Ritornando verso Arequipa il tour ci porta a fermarci in varie tappe, tra mirador da togliere il fiato e le acque termali naturali, fino ad un ristorantino in cui veniamo accolti da un ricco bouffet di cibo, di fronte al quale, affamati come se non mangiassimo da giorni, si rivelano i nostri istinti animali famelici. Saturi e appagati aspettiamo che il bus riparta e nel frattempo ci scambiamo i contatti coi ragazzi approfittando del wifi del locale.Torno a casa più contenta perché finalmente ho assaggiato il tanto bramato “arroz con leche” (il riso con latte), un loro dolce tipico che usano mangiare assieme ad una sorta di crema di frutta chiamata mazamorra morada.
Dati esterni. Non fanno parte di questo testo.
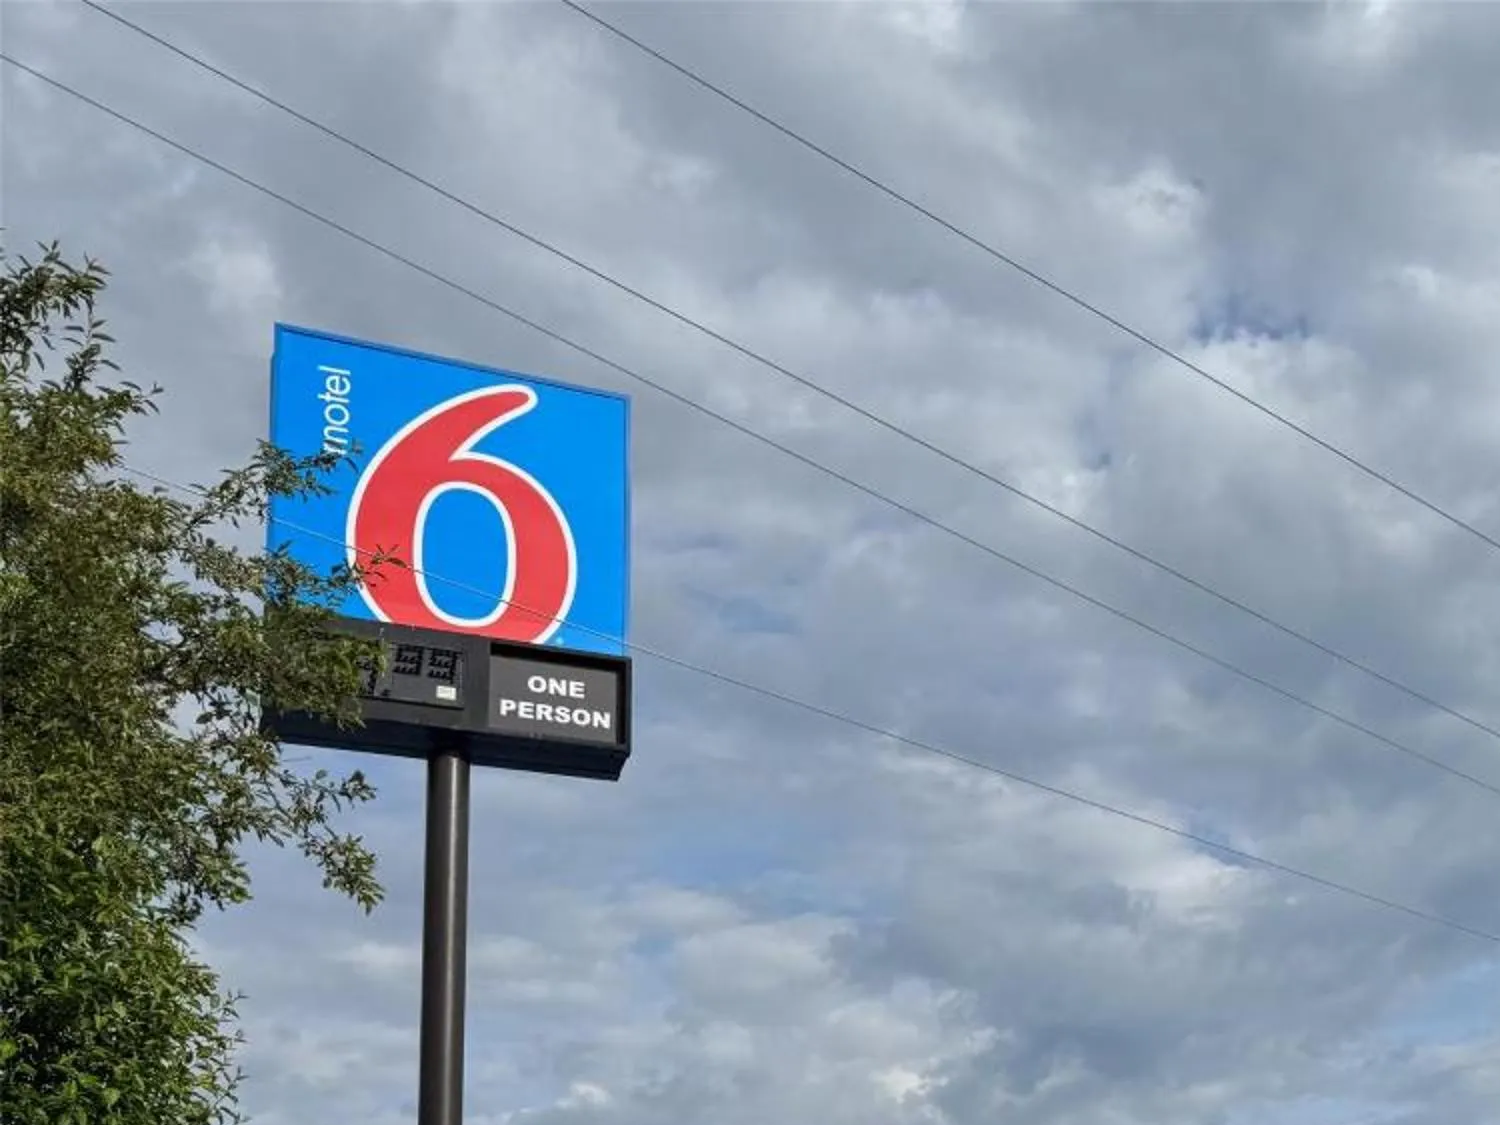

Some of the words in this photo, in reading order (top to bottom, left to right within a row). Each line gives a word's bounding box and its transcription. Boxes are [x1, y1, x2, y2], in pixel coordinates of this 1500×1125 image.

Arrivati a destinazione salutiamo i nostri amici con la promessa di mantenere un contatto e ci dirigiamo in hostal solo per posare le valigie, perché il biglietto per Puno per l’indomani è ancora in sospeso. Alla fine prenotiamo ( a prezzo chiaramente più alto, causa commissione agenzia) in Plaza de armas un biglietto con un bus locale della compagnia Julsa, comunque più economico di Cruz del Sur, che parte alle 8 del mattino e andiamo a cenare per l’ultima volta in Arequipa, abbandonando con triste rimpianto quelle enormi e seducenti torte che più volte ci hanno condotto nel girone infernale dei golosi. Ci tocca solo riorganizzare le valigie per lanciarci nella piccola Puno dalle ricche e consolidate tradizioni popolari, a quanto ci hanno detto. Ci addormentiamo con la curiosità che preme insidiosa sul nostro sonno.